╭─ DATASET RECORDS
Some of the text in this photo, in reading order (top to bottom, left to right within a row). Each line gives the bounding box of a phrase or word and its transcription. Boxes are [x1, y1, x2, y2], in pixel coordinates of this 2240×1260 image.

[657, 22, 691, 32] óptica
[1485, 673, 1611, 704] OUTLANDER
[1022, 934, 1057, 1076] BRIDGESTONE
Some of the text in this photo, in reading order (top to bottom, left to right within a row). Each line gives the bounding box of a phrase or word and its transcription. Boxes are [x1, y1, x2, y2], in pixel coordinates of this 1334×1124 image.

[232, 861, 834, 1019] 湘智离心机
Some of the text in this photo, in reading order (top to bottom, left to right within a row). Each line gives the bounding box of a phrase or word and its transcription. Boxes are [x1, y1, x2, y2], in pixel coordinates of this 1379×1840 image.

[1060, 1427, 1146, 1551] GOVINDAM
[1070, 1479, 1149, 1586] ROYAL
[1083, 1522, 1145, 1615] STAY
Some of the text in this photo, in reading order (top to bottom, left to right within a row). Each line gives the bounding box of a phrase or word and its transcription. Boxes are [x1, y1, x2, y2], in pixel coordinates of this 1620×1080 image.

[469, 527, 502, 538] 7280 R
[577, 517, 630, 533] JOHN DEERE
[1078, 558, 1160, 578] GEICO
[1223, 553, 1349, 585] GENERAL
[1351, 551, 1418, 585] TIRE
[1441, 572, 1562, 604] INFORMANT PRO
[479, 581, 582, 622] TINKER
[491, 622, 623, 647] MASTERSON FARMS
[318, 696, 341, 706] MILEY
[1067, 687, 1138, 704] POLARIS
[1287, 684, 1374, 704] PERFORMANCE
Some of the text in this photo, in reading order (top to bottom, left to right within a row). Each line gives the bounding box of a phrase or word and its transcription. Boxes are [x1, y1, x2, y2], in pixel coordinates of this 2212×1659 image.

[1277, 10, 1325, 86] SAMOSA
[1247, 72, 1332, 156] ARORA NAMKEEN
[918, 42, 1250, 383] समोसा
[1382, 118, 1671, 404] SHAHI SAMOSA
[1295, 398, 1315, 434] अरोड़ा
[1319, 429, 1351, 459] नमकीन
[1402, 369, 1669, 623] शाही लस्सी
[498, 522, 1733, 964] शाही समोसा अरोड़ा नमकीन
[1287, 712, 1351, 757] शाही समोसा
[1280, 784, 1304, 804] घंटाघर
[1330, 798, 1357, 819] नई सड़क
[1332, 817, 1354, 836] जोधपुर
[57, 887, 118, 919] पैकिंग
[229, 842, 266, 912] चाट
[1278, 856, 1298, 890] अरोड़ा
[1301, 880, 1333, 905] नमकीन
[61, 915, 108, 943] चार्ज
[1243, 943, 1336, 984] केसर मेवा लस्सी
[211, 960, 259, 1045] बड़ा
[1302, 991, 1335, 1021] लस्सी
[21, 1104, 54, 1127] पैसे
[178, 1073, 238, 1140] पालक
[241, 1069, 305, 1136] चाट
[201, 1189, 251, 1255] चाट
╰─
## GOAL OF THE EXERCISE
Each line above should appear again, reproduced exactly.

## RESULT FOR THIS TASK
Some of the text in this photo, in reading order (top to bottom, left to right within a row). Each line gives the bounding box of a phrase or word and its transcription. Boxes are [x1, y1, x2, y2], in pixel coordinates of this 2240×1260 image.

[657, 22, 691, 32] óptica
[1485, 673, 1611, 704] OUTLANDER
[1022, 934, 1057, 1076] BRIDGESTONE
Some of the text in this photo, in reading order (top to bottom, left to right within a row). Each line gives the bounding box of a phrase or word and its transcription. Boxes are [x1, y1, x2, y2], in pixel coordinates of this 1334×1124 image.

[232, 861, 834, 1019] 湘智离心机
Some of the text in this photo, in reading order (top to bottom, left to right within a row). Each line gives the bounding box of a phrase or word and its transcription. Boxes are [x1, y1, x2, y2], in pixel coordinates of this 1379×1840 image.

[1060, 1427, 1146, 1551] GOVINDAM
[1070, 1479, 1149, 1586] ROYAL
[1083, 1522, 1145, 1615] STAY
Some of the text in this photo, in reading order (top to bottom, left to right within a row). Each line gives the bounding box of a phrase or word and its transcription. Boxes are [x1, y1, x2, y2], in pixel coordinates of this 1620×1080 image.

[469, 527, 502, 538] 7280 R
[577, 517, 630, 533] JOHN DEERE
[1078, 558, 1160, 578] GEICO
[1223, 553, 1349, 585] GENERAL
[1351, 551, 1418, 585] TIRE
[1441, 572, 1562, 604] INFORMANT PRO
[479, 581, 582, 622] TINKER
[491, 622, 623, 647] MASTERSON FARMS
[318, 696, 341, 706] MILEY
[1067, 687, 1138, 704] POLARIS
[1287, 684, 1374, 704] PERFORMANCE
Some of the text in this photo, in reading order (top to bottom, left to right within a row). Each line gives the bounding box of a phrase or word and its transcription. Boxes are [x1, y1, x2, y2], in pixel coordinates of this 2212×1659 image.

[1277, 10, 1325, 86] SAMOSA
[1247, 72, 1332, 156] ARORA NAMKEEN
[918, 42, 1250, 383] समोसा
[1382, 118, 1671, 404] SHAHI SAMOSA
[1295, 398, 1315, 434] अरोड़ा
[1319, 429, 1351, 459] नमकीन
[1402, 369, 1669, 623] शाही लस्सी
[498, 522, 1733, 964] शाही समोसा अरोड़ा नमकीन
[1287, 712, 1351, 757] शाही समोसा
[1280, 784, 1304, 804] घंटाघर
[1330, 798, 1357, 819] नई सड़क
[1332, 817, 1354, 836] जोधपुर
[57, 887, 118, 919] पैकिंग
[229, 842, 266, 912] चाट
[1278, 856, 1298, 890] अरोड़ा
[1301, 880, 1333, 905] नमकीन
[61, 915, 108, 943] चार्ज
[1243, 943, 1336, 984] केसर मेवा लस्सी
[211, 960, 259, 1045] बड़ा
[1302, 991, 1335, 1021] लस्सी
[21, 1104, 54, 1127] पैसे
[178, 1073, 238, 1140] पालक
[241, 1069, 305, 1136] चाट
[201, 1189, 251, 1255] चाट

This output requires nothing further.